We gathered outside the cave, the harsh wind whipping us with ice and dust. My hair streamed in the wind until I tucked it under my hood. In his free time while dying from lindworm venom Soren re-braided his hair and it hung loosely to his waist. I scowled. It shone like snow. Mine still smelled of brine and pond scum.
He caught me glaring and smirked. "You're cute when you're jealous."
"Go eat your young."
Seppo snickered. "Any young of his is coming from you."
I made a scene of look down the sheer cliffs to the blackened icy forest below. "I will push you off the mountain."
The sniggering stopped at once. "I believe you."
Soren rolled his eyes. "You two, seriously? It's like a dog bickering with a much tinier dog and the tinier dog is winning." He shielded his face from the sun, looking high for a path to lead us out.
Mountains spread as far as the eye could see; some were just tiny dots on the horizon and others were huge behemoths in our path. The pathway Soren chose soon faded into the rocky randomness of the wilderness. We'd have to climb and lug our way out of the mountain range; it could take days, maybe weeks. We had no food, no water, worn out clothing, and the weapons on our backs. By the time we got to the ground Lydian might've already won. He wants to use Soren, but he doesn't need him. Soren met my eyes and offered me a tiny smile and his eyes burned with the warmth I was coming to know.
I narrowed my eyes at the ground, hoping to see the silver line the Stag left behind. There was nothing, just ice and dust and snow.
"We're never going to get out of here in time," I finally spoke the words everyone was afraid to say aloud. "We'll die out here, if not from hypothermia, then starvation or dehydration." The article wind howled like it was agreeing with me. The tips of my eyelashes were dusted with frost and despite the leather gloves on my hands, I barely felt my fingers.
"We need horses or something to ride," Soren said. "That's the only way."
I looked at Seppo. "I don't suppose you have three horses up your sleeve, do you?"
He shook his head. "Afraid not."
The howling of wolves echoed in the crystal, cold air; I pulled my half-cloak around me. From the corner of my eye, Seppo shivered. If I wasn't freezing myself I could almost pity him. Out of the three of us, Soren was the only one whose body was made for this weather. But even a full blooded goblin would die eventually.
"Well then," Soren said, his breath turning to frost. We'd best just keep going. We're not going to achieve anything by standing here."
"We're not going to get anywhere fast, but better to move, I guess." Doubt wasn't the only thing gnawing my hollow stomach. I was sure Soren could hear the growling. The last time I'd had anything was back in the palace, drinking the nectar. The effects were now almost gone and every muscle in my body screamed with fatigue.
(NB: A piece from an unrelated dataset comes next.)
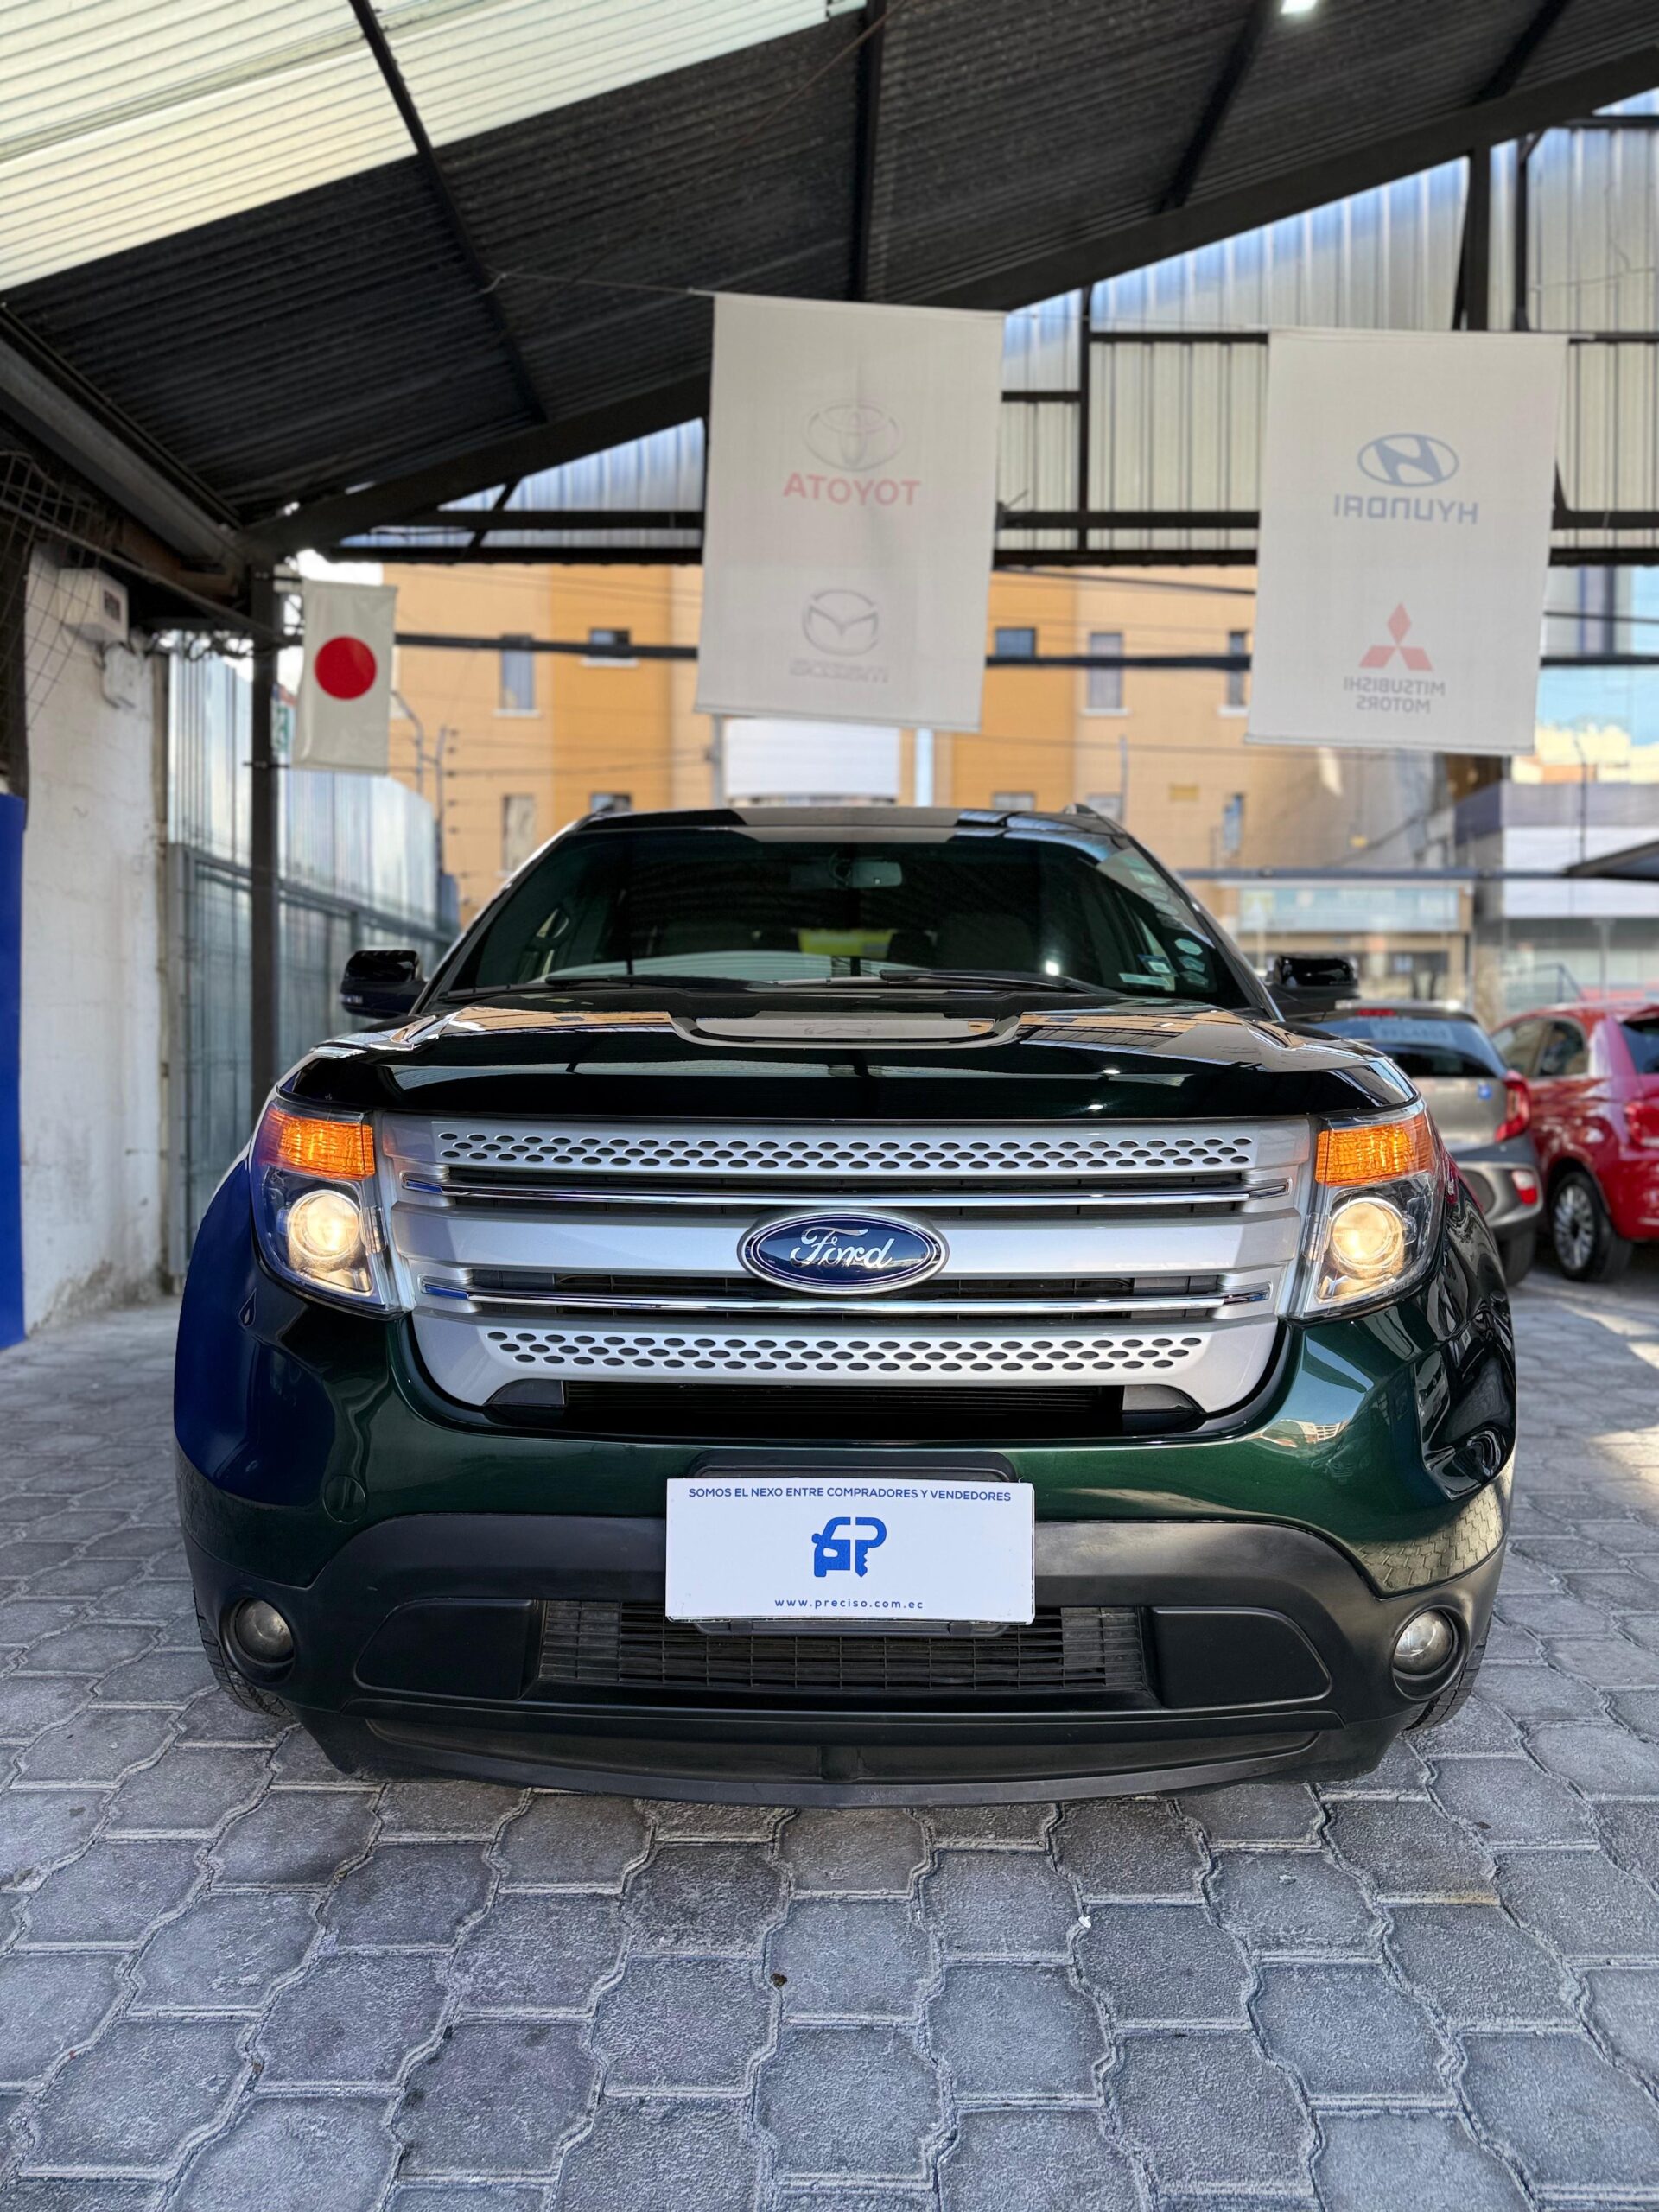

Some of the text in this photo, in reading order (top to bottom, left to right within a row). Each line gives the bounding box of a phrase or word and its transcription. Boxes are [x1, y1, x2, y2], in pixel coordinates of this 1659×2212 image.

[790, 1225, 895, 1269] Ford
[688, 1487, 1012, 1502] SOMOS EL NEXO ENTRE COMPRADORES Y VENDEDORES
[774, 1599, 924, 1610] www.preciso.com.ec
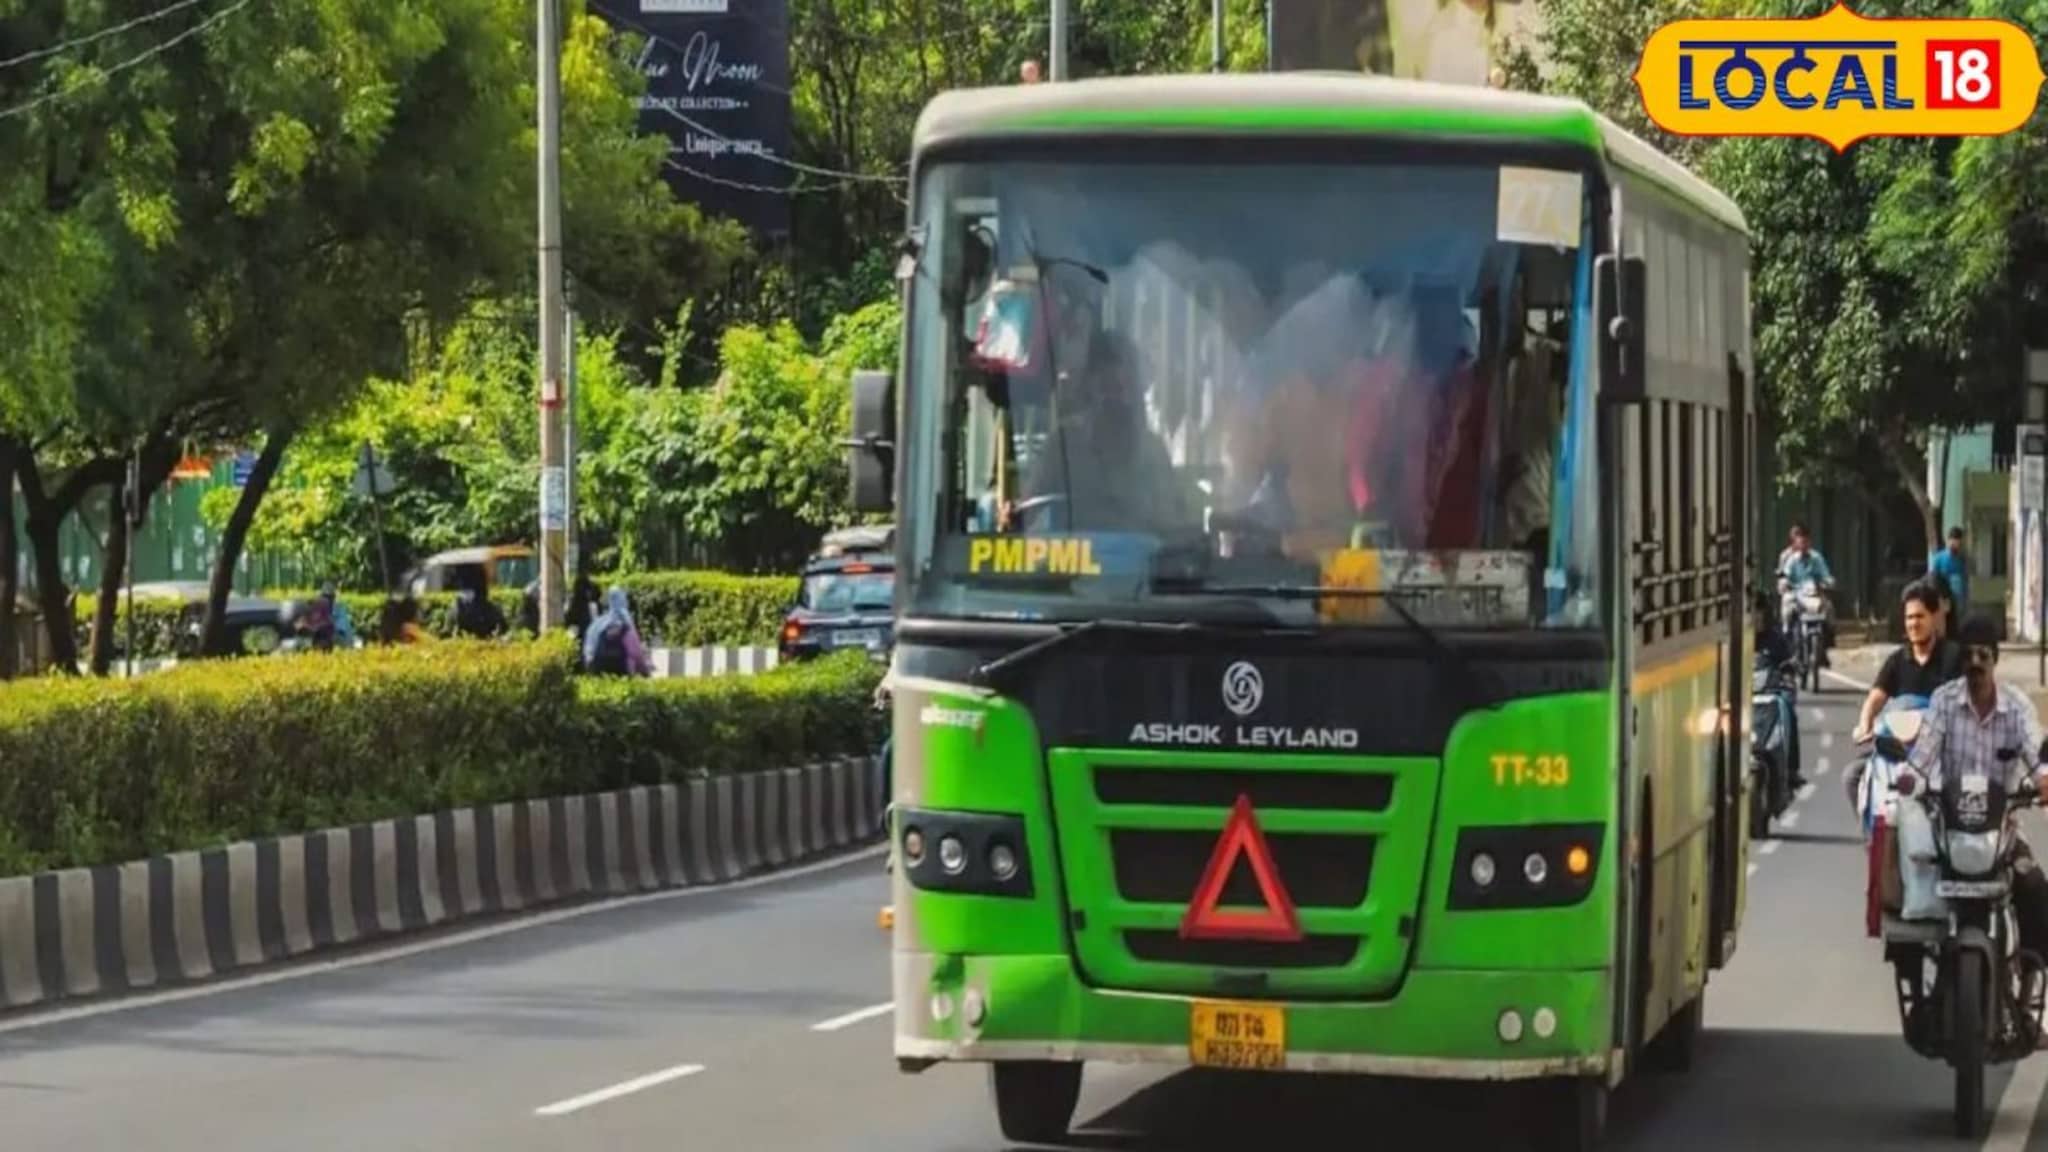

Hopelessly lost in the mountain range, banged and beaten from our time in the caverns, I wouldn't be surprised if an animal tried to pick us off. We were sitting ducks for any goblins in the range too. Every once in a while we came across a frozen body and each time it reminded me that the longer we were out here, the more likely we were killed. There was no fast escape and no place to hide if an attack came. Though you'd be suicidal to attack in this weather.
The mournful howls of wolves filled the nighttime air with song. It was almost as if we spoke the same language. Their song was of loss and grief, pain and fear, tiredness and the ache for revenge.
Skadi. They killed your family too; the Aesir thought they were better because they were gods and you a giant. But you went and took your revenge. You rule these wilds. You rule all of us. When I was a child, I prayed to her almost constantly, hoping she could help me discover my destiny. Going to the Permafrost stopped that; I'd never been closer to the gods or more farther away.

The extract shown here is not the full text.